Friday, January 21, 2022 4:10pm to 5pm
About this Event
The Physics & Astronomy Colloquium Series presents Andreas Fuhrer for IBM Research of Zurich, discussing “From Qubits to Transistors and Back" on Jan. 21.
Colloquia are Fridays at 4:10 p.m.
Abstract: Superconducting qubits have seen tremendous improvements in coherence over the past decade facilitated by improved circuit design, fabrication processes, integrated packaging and dedicated control hardware. However, qubit coherence is known to depend on the microscopic environment near the Josephson junctions affected e.g. by molecular adsorbates or amorphous oxides. In order to study the impact of such defects we have developed a UHV-treatment system that allows us to clean the qubit chips using UV-light, ion milling or active reagents such as ammonia before loading the chips into the dilution refrigerator under vacuum.
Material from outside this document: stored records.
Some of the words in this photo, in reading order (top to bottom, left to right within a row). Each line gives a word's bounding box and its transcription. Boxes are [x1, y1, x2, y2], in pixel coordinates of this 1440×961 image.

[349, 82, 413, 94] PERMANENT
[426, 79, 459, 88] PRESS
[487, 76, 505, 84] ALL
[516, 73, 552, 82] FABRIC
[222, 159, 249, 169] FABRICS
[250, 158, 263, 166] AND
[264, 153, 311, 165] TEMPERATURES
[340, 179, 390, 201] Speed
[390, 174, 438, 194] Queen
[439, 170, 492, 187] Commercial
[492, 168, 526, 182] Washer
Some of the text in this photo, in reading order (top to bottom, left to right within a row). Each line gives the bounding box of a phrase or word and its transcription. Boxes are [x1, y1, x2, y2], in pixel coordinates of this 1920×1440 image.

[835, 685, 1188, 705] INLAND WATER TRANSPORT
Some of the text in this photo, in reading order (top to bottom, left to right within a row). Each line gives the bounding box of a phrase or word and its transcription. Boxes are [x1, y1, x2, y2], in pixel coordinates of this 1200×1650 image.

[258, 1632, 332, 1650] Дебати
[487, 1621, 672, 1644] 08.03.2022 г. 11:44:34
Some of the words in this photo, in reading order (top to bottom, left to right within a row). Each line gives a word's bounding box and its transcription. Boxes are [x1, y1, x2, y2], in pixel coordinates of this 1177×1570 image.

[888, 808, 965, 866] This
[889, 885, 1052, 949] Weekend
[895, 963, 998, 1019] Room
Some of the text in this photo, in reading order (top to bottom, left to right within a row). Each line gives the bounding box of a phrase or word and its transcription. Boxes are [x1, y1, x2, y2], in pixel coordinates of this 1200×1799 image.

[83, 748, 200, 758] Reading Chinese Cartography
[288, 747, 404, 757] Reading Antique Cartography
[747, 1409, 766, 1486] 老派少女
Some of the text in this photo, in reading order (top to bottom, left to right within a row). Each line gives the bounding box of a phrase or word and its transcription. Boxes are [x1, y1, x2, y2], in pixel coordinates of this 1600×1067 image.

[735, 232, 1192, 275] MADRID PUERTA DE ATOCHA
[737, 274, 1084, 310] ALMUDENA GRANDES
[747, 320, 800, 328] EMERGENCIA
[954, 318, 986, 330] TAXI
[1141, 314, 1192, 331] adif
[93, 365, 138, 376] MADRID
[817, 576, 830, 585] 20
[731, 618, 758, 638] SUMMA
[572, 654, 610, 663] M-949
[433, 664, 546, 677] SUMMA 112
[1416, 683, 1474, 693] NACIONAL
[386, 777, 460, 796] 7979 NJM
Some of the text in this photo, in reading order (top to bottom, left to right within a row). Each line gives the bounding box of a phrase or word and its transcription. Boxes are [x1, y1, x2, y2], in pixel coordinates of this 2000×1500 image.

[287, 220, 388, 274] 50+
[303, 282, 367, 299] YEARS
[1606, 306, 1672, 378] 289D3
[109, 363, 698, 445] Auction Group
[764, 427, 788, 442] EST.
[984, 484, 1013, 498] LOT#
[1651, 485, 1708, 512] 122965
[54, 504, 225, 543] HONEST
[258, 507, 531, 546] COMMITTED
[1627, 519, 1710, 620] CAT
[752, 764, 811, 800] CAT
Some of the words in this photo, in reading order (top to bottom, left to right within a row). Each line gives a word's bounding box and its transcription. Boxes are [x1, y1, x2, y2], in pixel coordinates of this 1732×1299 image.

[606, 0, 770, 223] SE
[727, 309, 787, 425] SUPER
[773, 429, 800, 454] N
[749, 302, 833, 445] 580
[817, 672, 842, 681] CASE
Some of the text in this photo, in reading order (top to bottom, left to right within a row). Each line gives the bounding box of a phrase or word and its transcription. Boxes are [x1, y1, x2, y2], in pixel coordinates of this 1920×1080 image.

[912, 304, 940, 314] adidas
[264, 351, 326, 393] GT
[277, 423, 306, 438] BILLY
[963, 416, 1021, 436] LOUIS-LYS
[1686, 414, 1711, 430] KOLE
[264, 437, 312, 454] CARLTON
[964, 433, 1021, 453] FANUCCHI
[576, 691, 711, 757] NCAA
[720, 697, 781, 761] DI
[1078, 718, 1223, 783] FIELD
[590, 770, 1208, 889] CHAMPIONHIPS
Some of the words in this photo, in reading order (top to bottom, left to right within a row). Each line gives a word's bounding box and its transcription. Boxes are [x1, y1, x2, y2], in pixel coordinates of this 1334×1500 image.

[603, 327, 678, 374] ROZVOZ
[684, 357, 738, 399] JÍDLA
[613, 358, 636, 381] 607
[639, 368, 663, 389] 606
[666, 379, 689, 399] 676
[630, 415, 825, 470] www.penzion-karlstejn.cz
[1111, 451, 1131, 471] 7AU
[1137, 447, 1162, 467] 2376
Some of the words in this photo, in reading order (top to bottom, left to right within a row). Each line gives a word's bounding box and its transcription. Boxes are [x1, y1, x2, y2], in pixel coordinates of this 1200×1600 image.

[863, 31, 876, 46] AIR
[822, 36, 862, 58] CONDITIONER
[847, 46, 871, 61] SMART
We show how these treatments affect qubit coherence and can be used to trim the qubit frequency of fixed frequency transmons after fabrication and without affecting coherence.
Future universal quantum computing systems will require many such physical qubits in order to correct for errors that occur e.g. due to the presence of defects. It is thus a highly attractive prospect to Utilize the ultra-scaled fabrication processes of classical transistor fabrication for qubit fabrication. We show how silicon fin field-effect-transistors can be used as spin qubits. These devices have the advantage of being much smaller than superconducting qubits and can be operated at temperatures up to 4K. This may allow for more integrated classical control circuitry near the qubit devices, alleviating some of the challenges with the much higher device density in spin qubits.